Questo contributo è stato pensato in risposta all’articolo di Giusi Marchetta sul tema Censura non censura. Devo precisare che sono una storica, che la mia esperienza di traduzioni è riferita a testi o documenti storici, e quindi spesso all’uso di citazioni. Sono però appassionata di letteratura, e ho letto molta letteratura americana in originale, incluso ovviamente The Adventures of Huckelberry Finn.

Prima di parlare del libro, vorrei però rispondere alla questione-chiave posta da Marchetta, ovvero se nelle traduzioni si possa usare o meno la parola “negro”, pur se contestualizzata da un’indispensabile introduzione (Marchetta usa la definizione n-word, e propone come alternativa ne*ro). La parola negro, riferita agli schiavi catturati in Africa, arriva nelle Americhe con i negrieri portoghesi e spagnoli, nelle cui lingue il termine (derivato dal latino niger) significava semplicemente il colore nero. Per arrivare a riappropriarsi di tale significato nella cultura statunitense, occorrono secoli di storia e trasformazioni culturali. Nella parlata incolta del Sud, il termine viene storpiato nella definizione derogatoria nigger, che però non viene usata abitualmente nei documenti, quali potevano essere i bandi per rintracciare gli schiavi fuggitivi, i registri delle piantagioni, o lettere in cui si usava spesso il termine negro, sia pure associato a “schiavo”.

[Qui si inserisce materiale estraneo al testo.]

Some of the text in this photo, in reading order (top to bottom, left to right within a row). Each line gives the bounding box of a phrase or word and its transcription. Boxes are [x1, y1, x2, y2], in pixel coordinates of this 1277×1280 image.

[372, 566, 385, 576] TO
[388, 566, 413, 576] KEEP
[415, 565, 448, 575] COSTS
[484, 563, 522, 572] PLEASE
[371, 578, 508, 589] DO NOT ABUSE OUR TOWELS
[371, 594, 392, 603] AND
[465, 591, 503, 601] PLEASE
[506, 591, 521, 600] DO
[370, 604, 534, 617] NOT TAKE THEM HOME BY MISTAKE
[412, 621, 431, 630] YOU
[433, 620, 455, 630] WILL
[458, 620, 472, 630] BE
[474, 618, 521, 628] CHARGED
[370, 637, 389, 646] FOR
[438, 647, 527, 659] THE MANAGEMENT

Dopo la Guerra Civile, i neri americani adottarono come definizione, in segno di orgoglio razziale, il termine colored, che nel 1909 entrò nel nome della prima organizzazione per i diritti civili, la National Association for the Advancement of Colored People (NAACP), che tuttora mantiene questo termine per il suo valore storico e per la riconoscibilità che la sigla ha nel contesto sociale e politico americano (oggi è invalsa nel discorso pubblico anche la definizione people of color, più gradita di “minoranze”, e considerata rispettosa ed inclusiva di molti gruppi, dagli afroamericani ai nativi, ispanici, asiatici e nativi delle isole del Pacifico).

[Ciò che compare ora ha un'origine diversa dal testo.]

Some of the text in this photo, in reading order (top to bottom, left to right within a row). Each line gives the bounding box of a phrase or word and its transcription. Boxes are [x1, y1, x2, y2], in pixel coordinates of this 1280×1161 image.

Negli anni Venti del XX secolo, il termine colored venne rimpiazzato da negro durante il periodo di grande vitalità artistica e culturale noto come Harlem Renaissance, proposto da due leader importanti, Booker T. Washington e W.E.B. Du Bois, che era stato fra i fondatori della NAACP e per decenni diresse la rivista The Crisis. Du Bois, un grande intellettuale del periodo a cavallo fra i due secoli, arrivò ad affermare che negro era preferibile ad altri termini “etimologicamente e foneticamente”, anche se nei suoi scritti usava spesso il termine black, come ad esempio nella sua fondamentale opera Black Reconstruction in America. Sulla spinta di questi intellettuali, nel 1930 il «New York Times» adottò a sua volta il termine Negro, con l’iniziale maiuscola, come chiedevano gli esponenti della nuova generazione, che ritenevano Negro con la maiuscola il termine adeguato a rappresentare la loro nuova consapevolezza politica e sociale. Il termine rimase in uso per decenni, fino a un dirompente discorso tenuto in Mississippi nel 1966 da Stokely Carmichael, che lanciò la locuzione black power. Da questo momento, indipendentemente dalle preferenze politiche, il termine black, nero, entrò nel linguaggio comune, quasi come riappropriazione del significato originale. Nel 1988, il leader Jesse Jackson propose African-American come alternativa preferibile per definire una popolazione che in realtà comprende molte sfumature di colore, derivanti da unioni forzose durante lo schiavismo, libere successivamente. Quest’ultima definizione ha forse meno presa sul pubblico, ma è entrata stabilmente in tutte le pubblicazioni accademiche.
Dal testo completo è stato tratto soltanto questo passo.